Material for this task
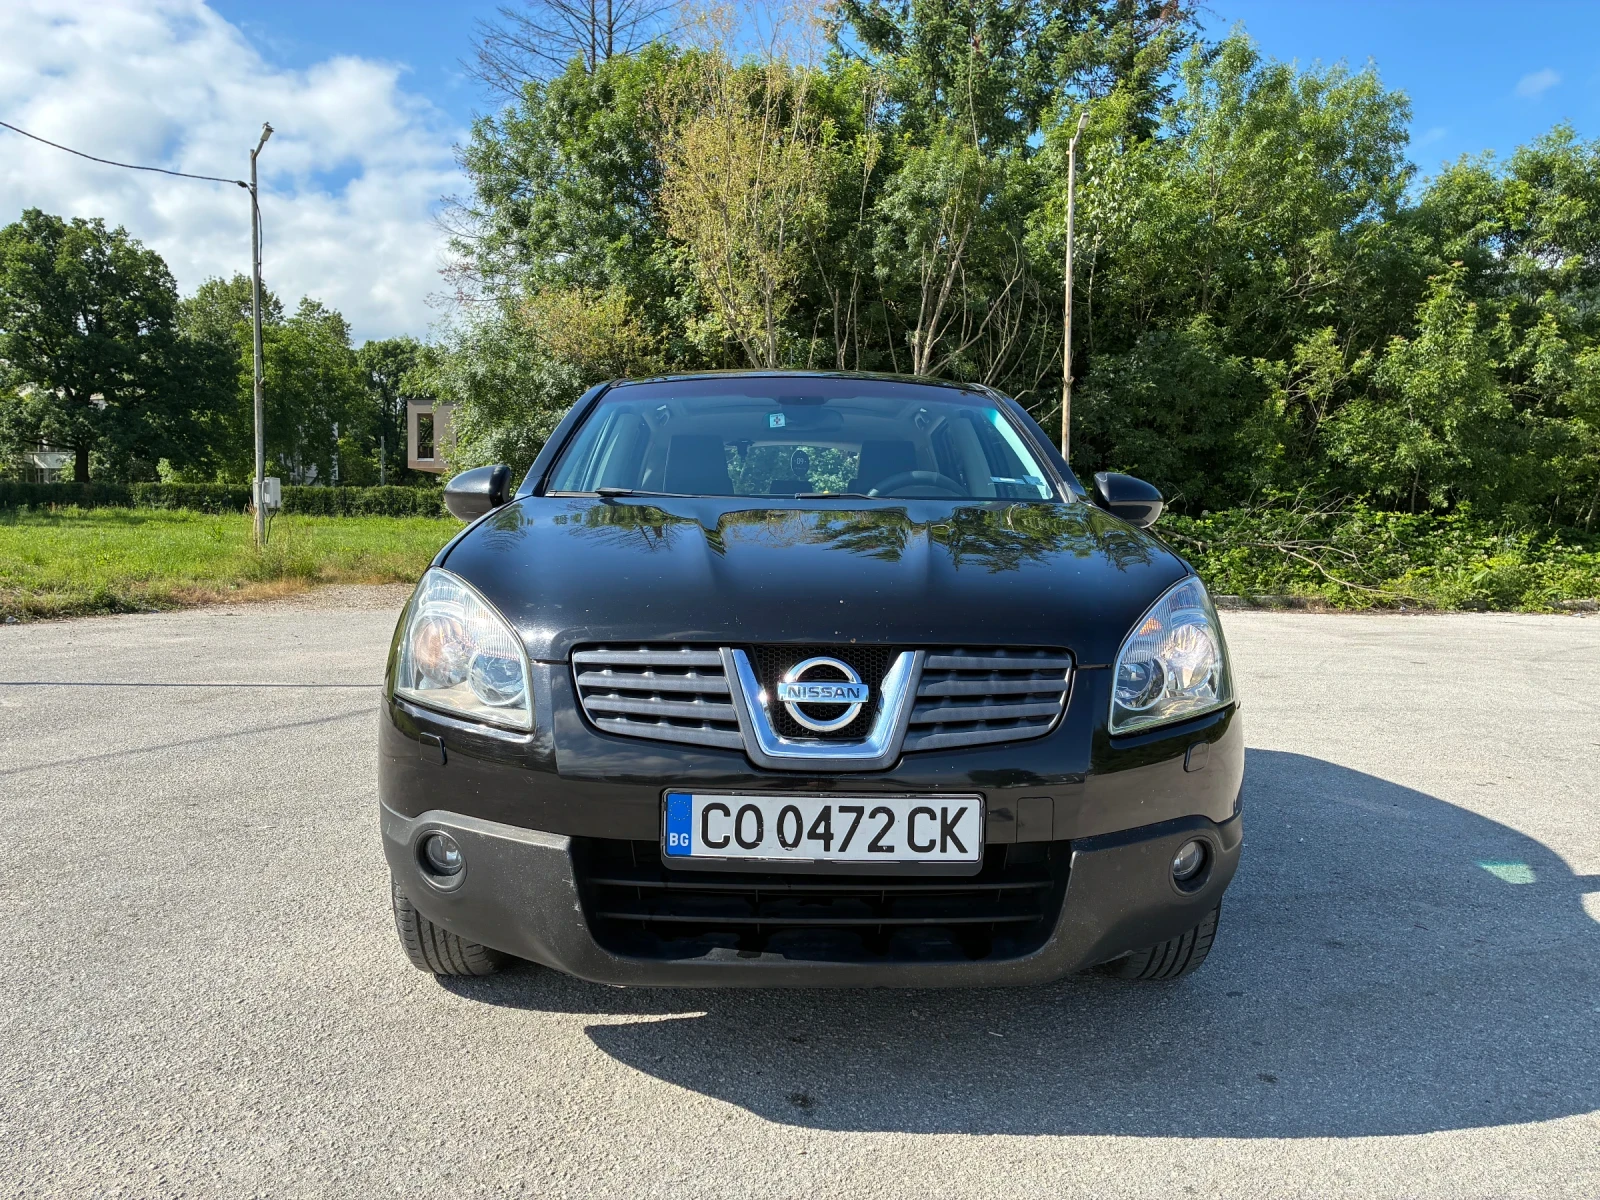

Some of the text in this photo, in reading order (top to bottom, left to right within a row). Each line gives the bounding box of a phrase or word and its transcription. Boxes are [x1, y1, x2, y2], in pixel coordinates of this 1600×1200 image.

[787, 686, 860, 699] NISSAN
[701, 802, 969, 853] CO 0472 CK
[669, 832, 689, 847] BG
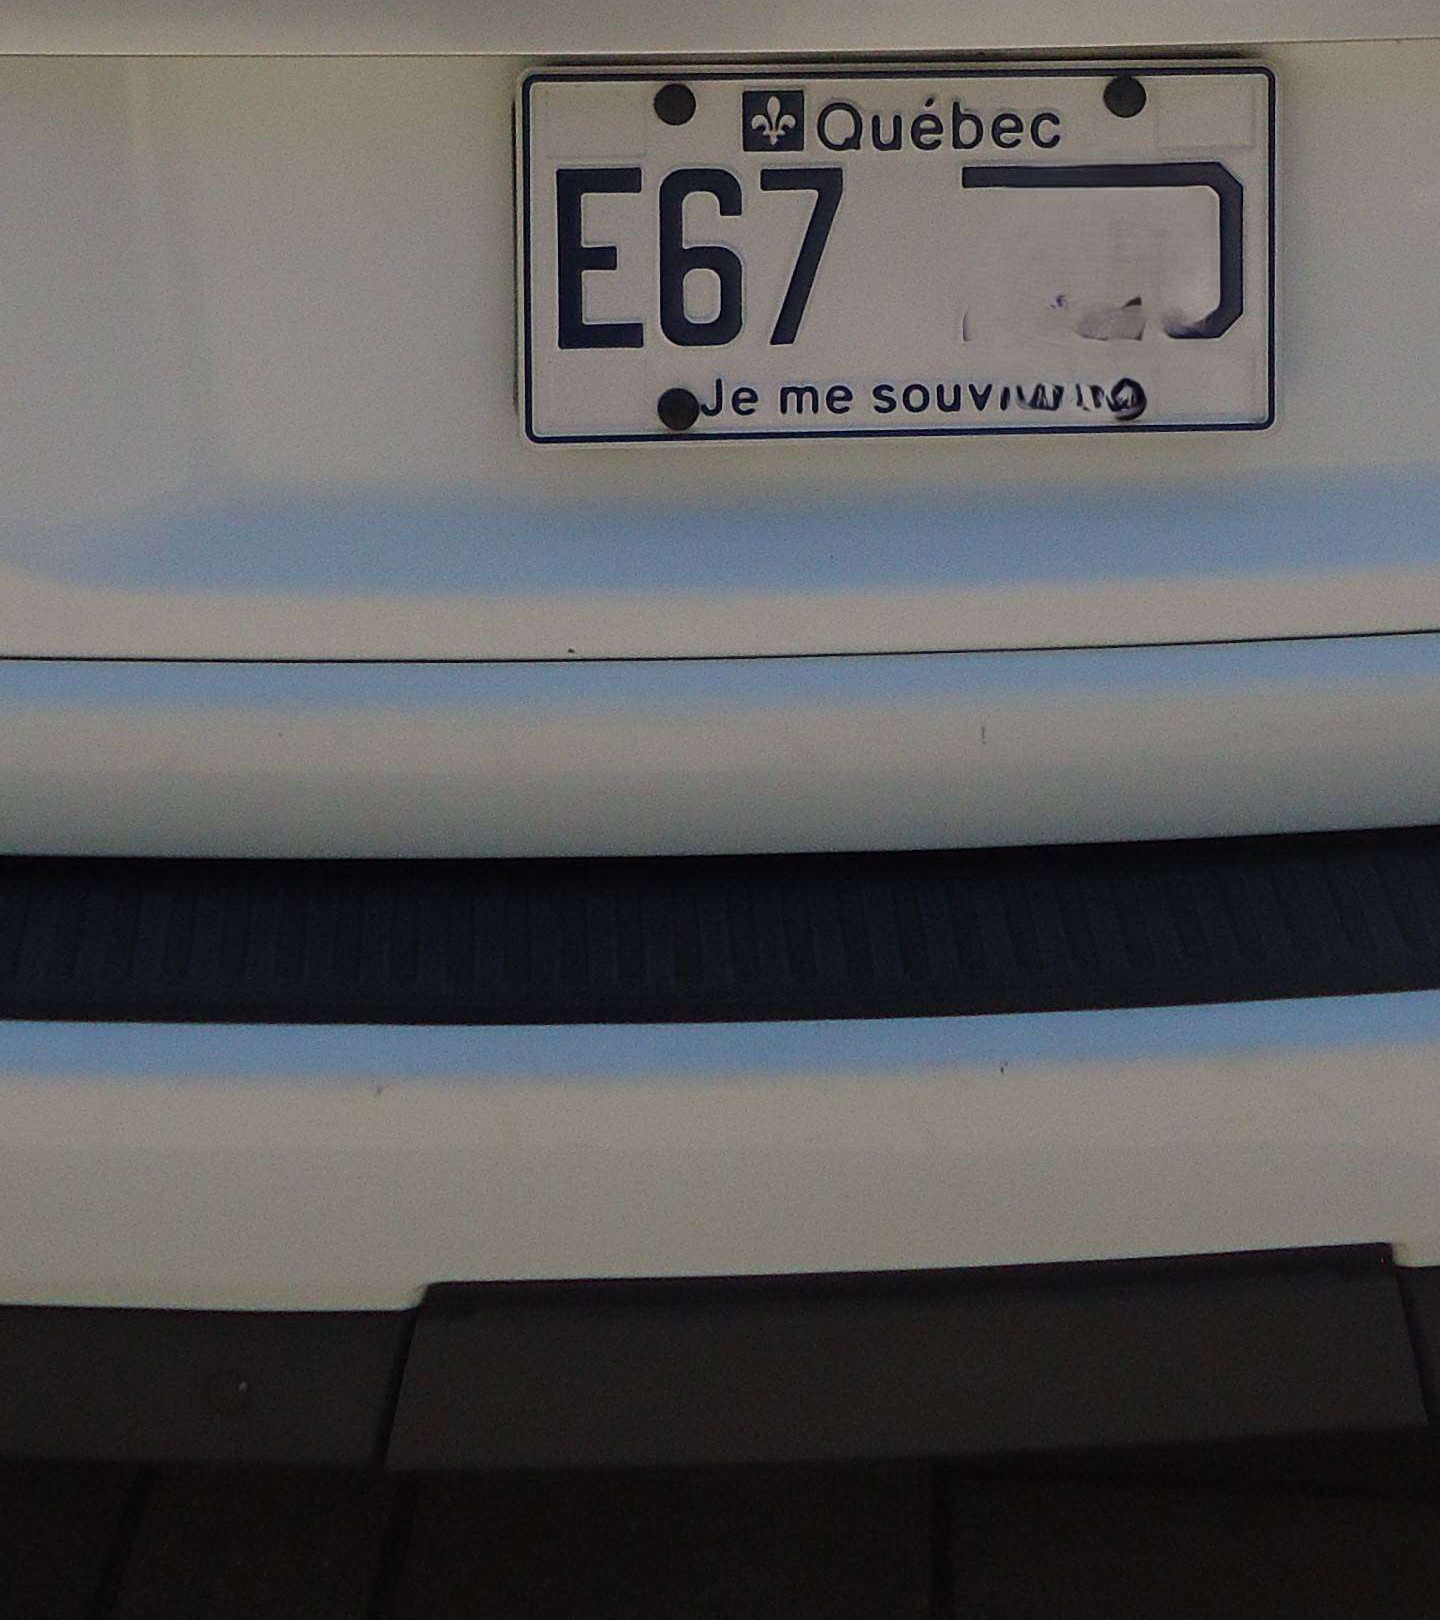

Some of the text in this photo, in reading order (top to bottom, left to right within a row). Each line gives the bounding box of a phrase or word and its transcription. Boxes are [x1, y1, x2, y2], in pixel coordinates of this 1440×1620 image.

Your task
Copy all the data exactly as written, but skip any picture.

Result for this task
Some of the text in this photo, in reading order (top to bottom, left to right within a row). Each line gives the bounding box of a phrase or word and its transcription. Boxes are [x1, y1, x2, y2], in pixel coordinates of this 1600×1200 image.

[787, 686, 860, 699] NISSAN
[701, 802, 969, 853] CO 0472 CK
[669, 832, 689, 847] BG

Some of the text in this photo, in reading order (top to bottom, left to right within a row). Each line gives the bounding box of a phrase or word and its transcription. Boxes are [x1, y1, x2, y2], in pixel coordinates of this 1440×1620 image.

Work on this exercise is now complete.